Put simply, bull markets are sustained periods of market growth and bear runs are sustained periods of losses. Remember, bears attack by swiping 'down', while bulls throw their horns 'up'.
The terms are used loosely in the financial press, but for equities to enter official bear territory, stock markets must fall by at least 20 per cent over a minimum of two months. A crash of 10 per cent is called a 'correction'. So is a 20 per cent dive if it lasts less than two months.
And so, after months of low oil prices, question marks over the global economy, slower corporate profit growth and full valuations, the FTSE 100 slipped into bear territory on Wednesday lunchtime, falling as low as 5639, down 20.8 per cent from a record high of 7122 in April 2015. It was joined by Japan's Nikkei index and the French CAC.
BEAR MARKET STRATEGY
The official mantra for all investors is 'buy low, sell higher', but, rather than buying the dips as you would in a bull market, investors switch strategy during bear markets and use market rallies to sell.
Of course, markets don't fall in one uninterrupted move. There will be 'black' days, and selling can gather momentum over a number of weeks as panic sets in. Bear markets as a whole, though, typically last many months, or years.
As well as painful capital losses on share portfolios, there are also wider implications for the economy. Any significant erosion of business confidence could curtail investment - much like the oil sector - impacting employment and growth. Already, government coffers are losing billions in tax receipts as low oil prices hit industry profits.
The chart above, courtesy of data from Sharepad, shows the last two bear markets - the early millennia dotcom crash and 2008 financial crisis.
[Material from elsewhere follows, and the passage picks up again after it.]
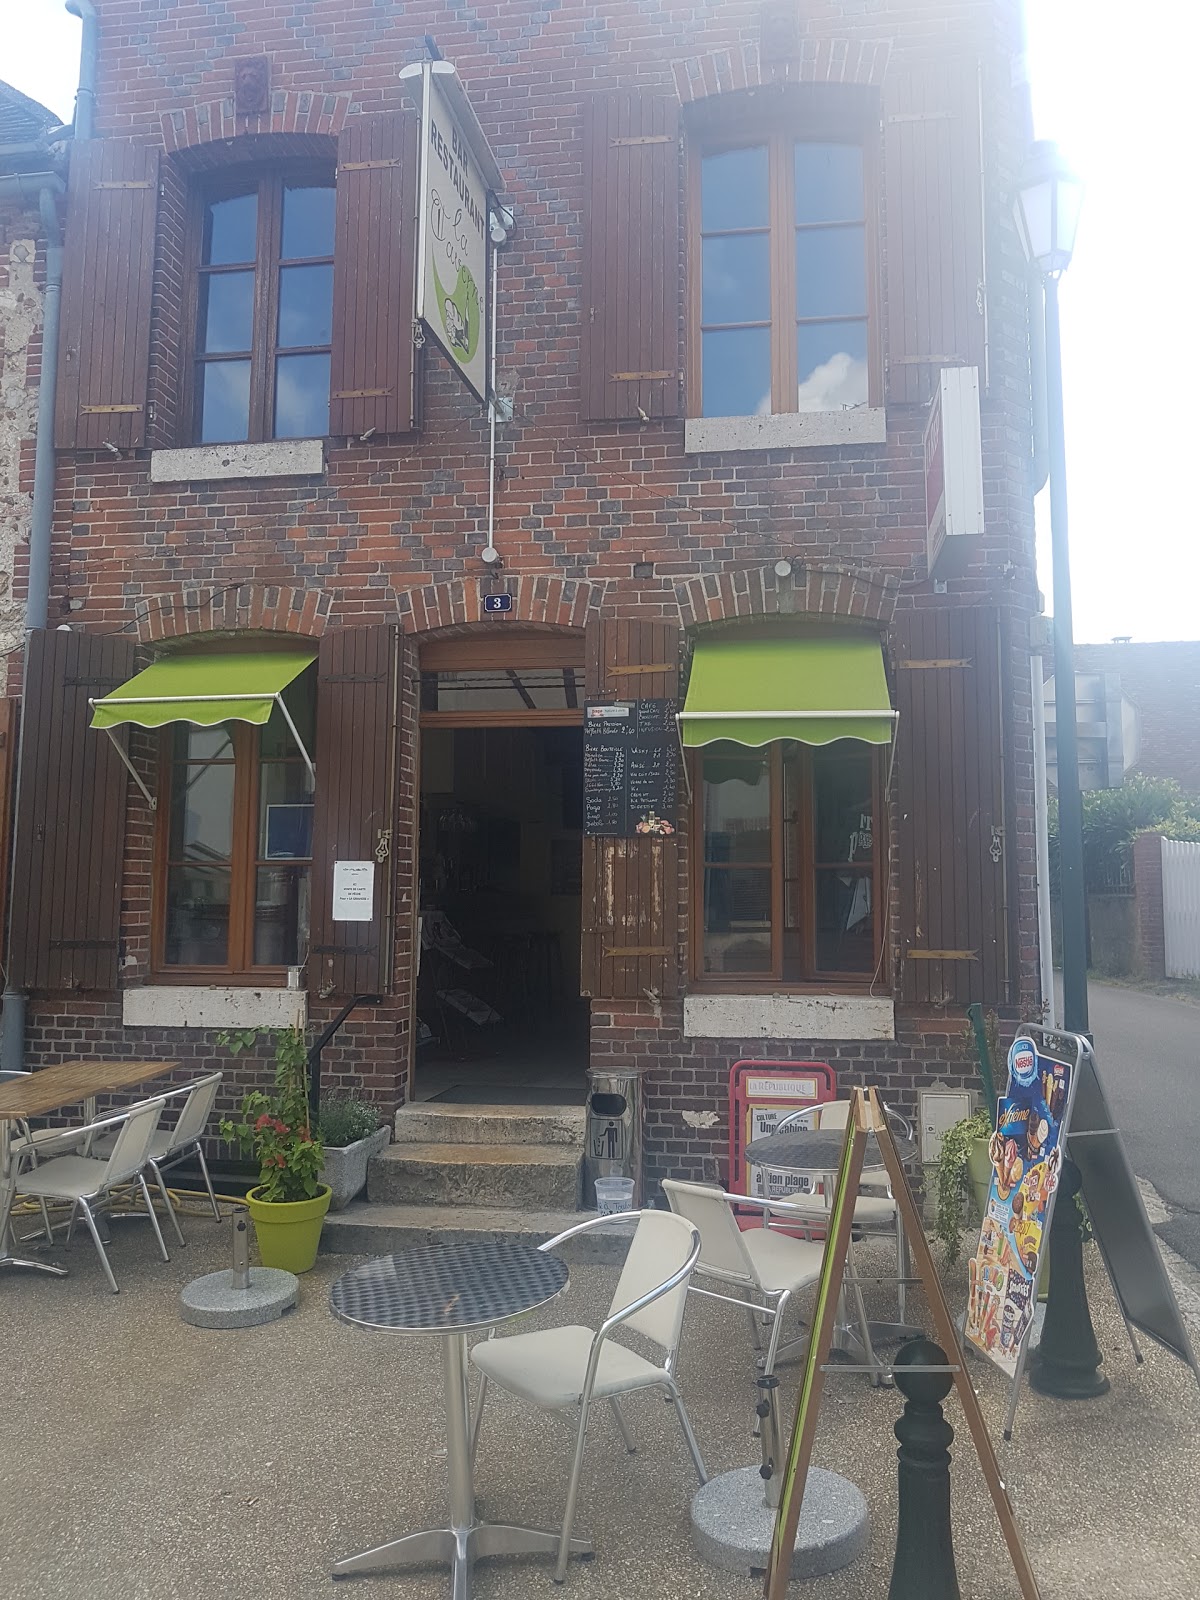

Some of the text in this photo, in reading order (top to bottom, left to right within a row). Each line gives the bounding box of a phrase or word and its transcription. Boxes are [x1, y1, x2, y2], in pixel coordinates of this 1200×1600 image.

Typically shorter than bull markets, bear runs can be brutal and last an average 12 to 18 months. But they can also be highly unpredictable and volatile, warns Rebecca O'Keeffe, head of investment at our sister website Interactive Investor.
'Bear markets typically see falls in the range of 30 per cent, but the most recent bear market in the height of the financial crisis saw many major markets lose over 50 per cent,' she adds.
'Markets typically recover within a year, but one of the key reasons for the current falls is lower oil prices and pronounced selling from sovereign wealth funds. While I am optimistic that prices will recover, we may need oil prices to stabilise and start rising before we see a pronounced move higher.'
It is also worth pointing out, though, that some of the biggest rallies of all time occurred during these bear markets. They either provided investors who regretted not having sold before the crash with an exit strategy, or generated big profits for brave - or lucky - investors who bought at lower levels.
The FTSE 100 jumped by over 700 points, or 16 per cent, late September/mid-October 2001: a recovery after the 11 September terror attack on the World Trade Center. In October 2008, the FTSE 100 surged 602 points, or 15 per cent, over two trading sessions.
It fell back again before rocketing a few weeks later by 26 per cent to 4639. Also, in the two months after the March 2009 low at 3460, the index rose over 1,000 points, or 31 per cent to 4520.
Regular contributor to Interactive Investor Lance Roberts, 'never' suggests being in 'all cash', but does currently believe investors should use these rallies to reduce the equity risk in their portfolios by banking profits, moving trailing stop-losses to new levels and reviewing portfolio allocation in line with risk tolerance.
The one thing investors shouldn't do, however, is hit the sell button in a blind panic.
'The panic is being overdone,' explains Nigel Green, chief executive of financial consultancy deVere Group.
'We need to see the bigger picture. For instance, the global economy is growing around 3 per cent; and whilst China's economy - which is the focus of so much of the recent sell-offs - has slowed, there's still growth, strong consumption, and indeed the world's second largest economy does look relatively stable.'
As stock markets are generally quite predictable over time, rising over multi-year periods, long-term investing is the most reliable way to generate capital growth. By investing small amounts regularly, a pound cost averaging strategy is favoured by many.
With the FTSE All-Share index sliding 22.7 per cent from its 2015 April high, investors may be able to find value in some high-quality companies. Carefully consider any potential buying opportunities, as guessing the bottom with any great accuracy is near-impossible in a bear market.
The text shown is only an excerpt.